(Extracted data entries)
- - - - -

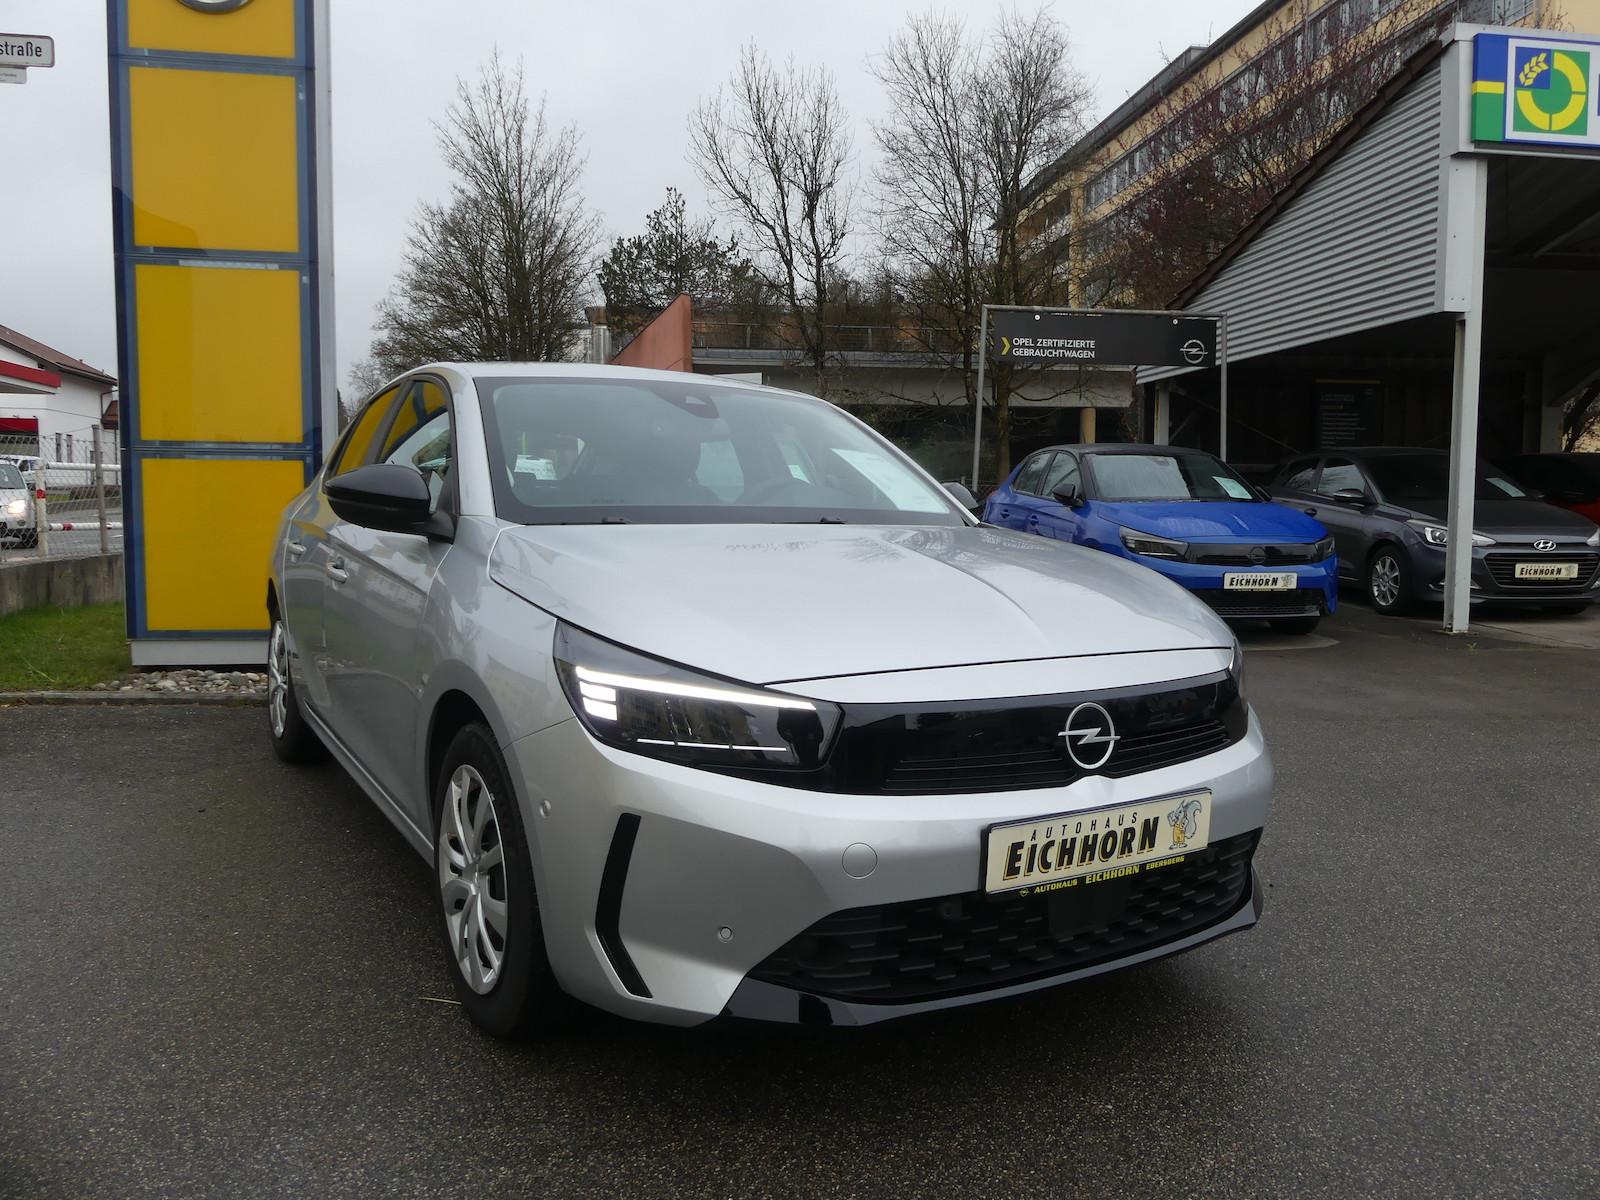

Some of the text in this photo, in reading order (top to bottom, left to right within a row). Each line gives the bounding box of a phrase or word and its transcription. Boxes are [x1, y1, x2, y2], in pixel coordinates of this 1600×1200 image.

[1012, 337, 1096, 348] OPEL ZERTIFIZIERTE
[1012, 347, 1095, 358] GEBRAUCHTWAGEN
[1519, 567, 1562, 576] EICHHORN
[1229, 577, 1279, 587] EICHHORN
[1030, 812, 1138, 841] AUTOHAUS
[1002, 816, 1160, 881] EICHHORN
[1033, 856, 1185, 894] AUTOHAUS EICHHORN EBERSBERG
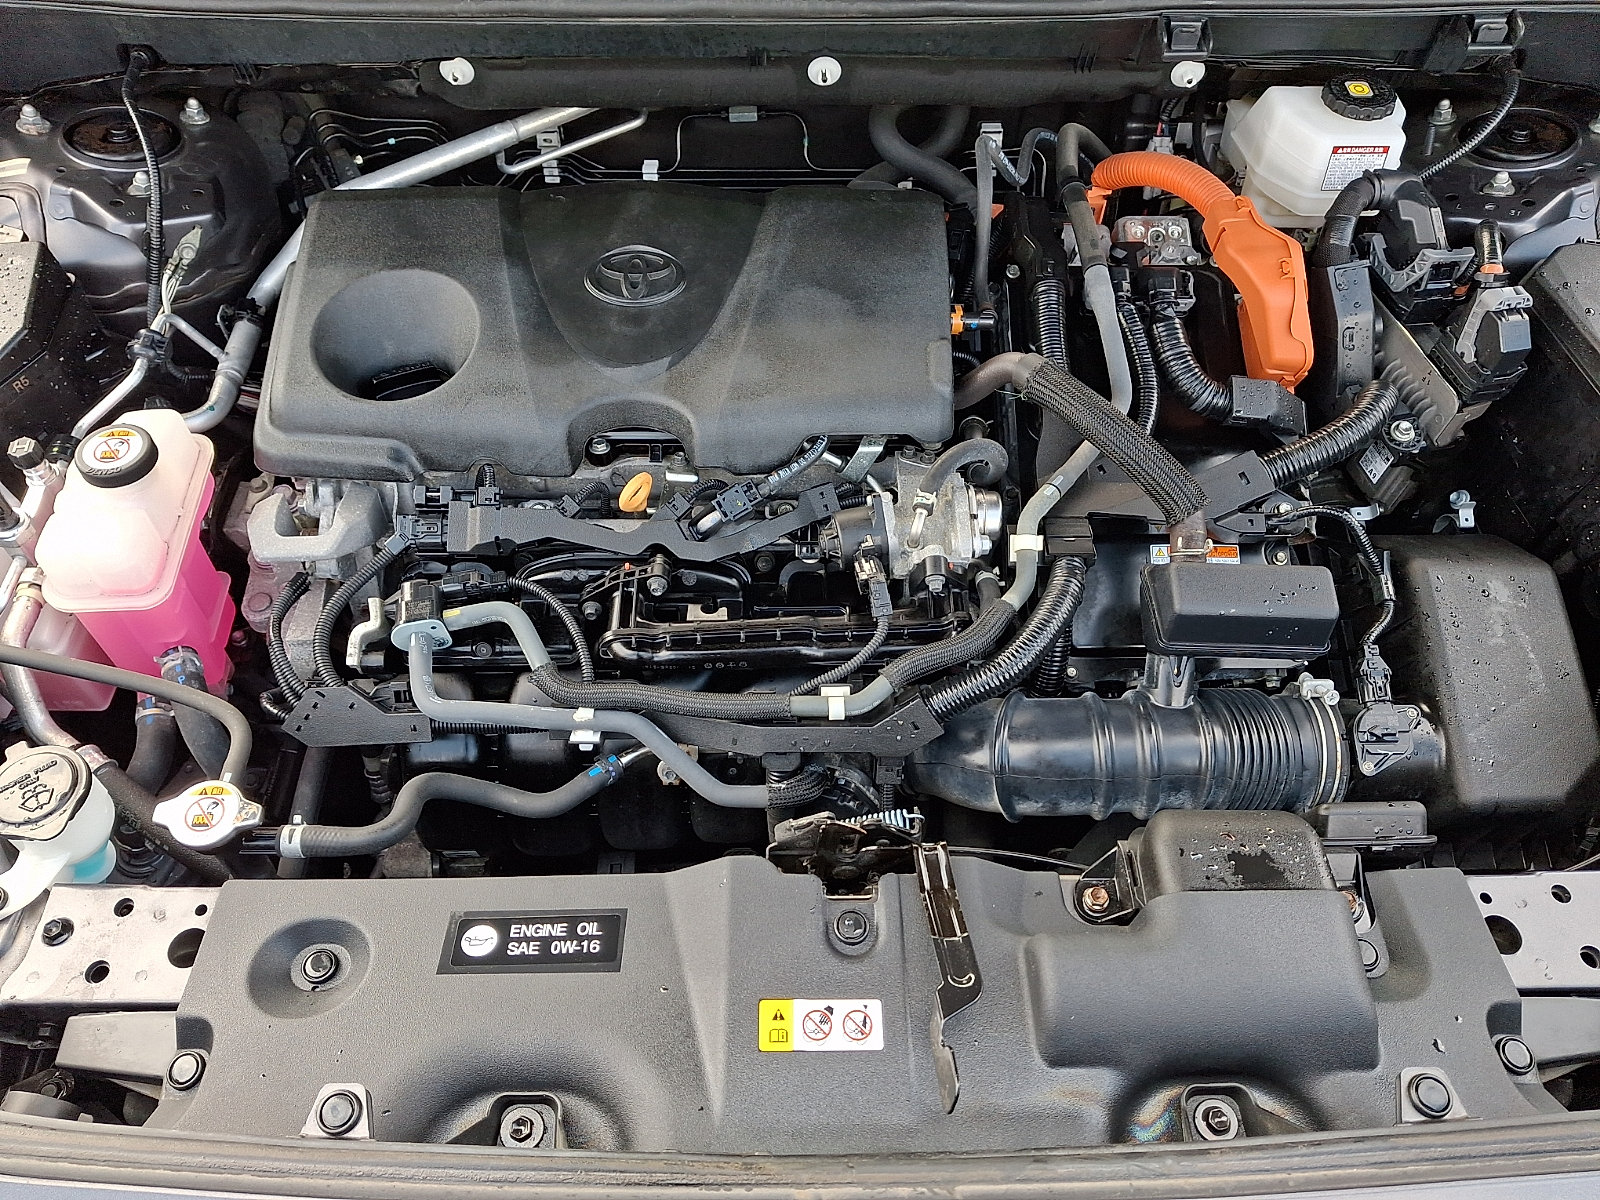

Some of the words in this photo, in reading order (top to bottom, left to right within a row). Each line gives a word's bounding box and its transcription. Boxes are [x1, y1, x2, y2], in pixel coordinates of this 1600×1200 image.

[12, 440, 32, 453] H
[86, 466, 122, 476] DENSO
[509, 923, 568, 938] ENGINE
[577, 922, 602, 936] OIL
[506, 942, 540, 956] SAE
[551, 940, 600, 955] 0W-16

- - - - -

Please output all the data exactly as given, with the pictures omitted.

Problem solution
Some of the text in this photo, in reading order (top to bottom, left to right within a row). Each line gives the bounding box of a phrase or word and its transcription. Boxes are [x1, y1, x2, y2], in pixel coordinates of this 1600×1200 image.

[1012, 337, 1096, 348] OPEL ZERTIFIZIERTE
[1012, 347, 1095, 358] GEBRAUCHTWAGEN
[1519, 567, 1562, 576] EICHHORN
[1229, 577, 1279, 587] EICHHORN
[1030, 812, 1138, 841] AUTOHAUS
[1002, 816, 1160, 881] EICHHORN
[1033, 856, 1185, 894] AUTOHAUS EICHHORN EBERSBERG

Some of the words in this photo, in reading order (top to bottom, left to right within a row). Each line gives a word's bounding box and its transcription. Boxes are [x1, y1, x2, y2], in pixel coordinates of this 1600×1200 image.

[12, 440, 32, 453] H
[86, 466, 122, 476] DENSO
[509, 923, 568, 938] ENGINE
[577, 922, 602, 936] OIL
[506, 942, 540, 956] SAE
[551, 940, 600, 955] 0W-16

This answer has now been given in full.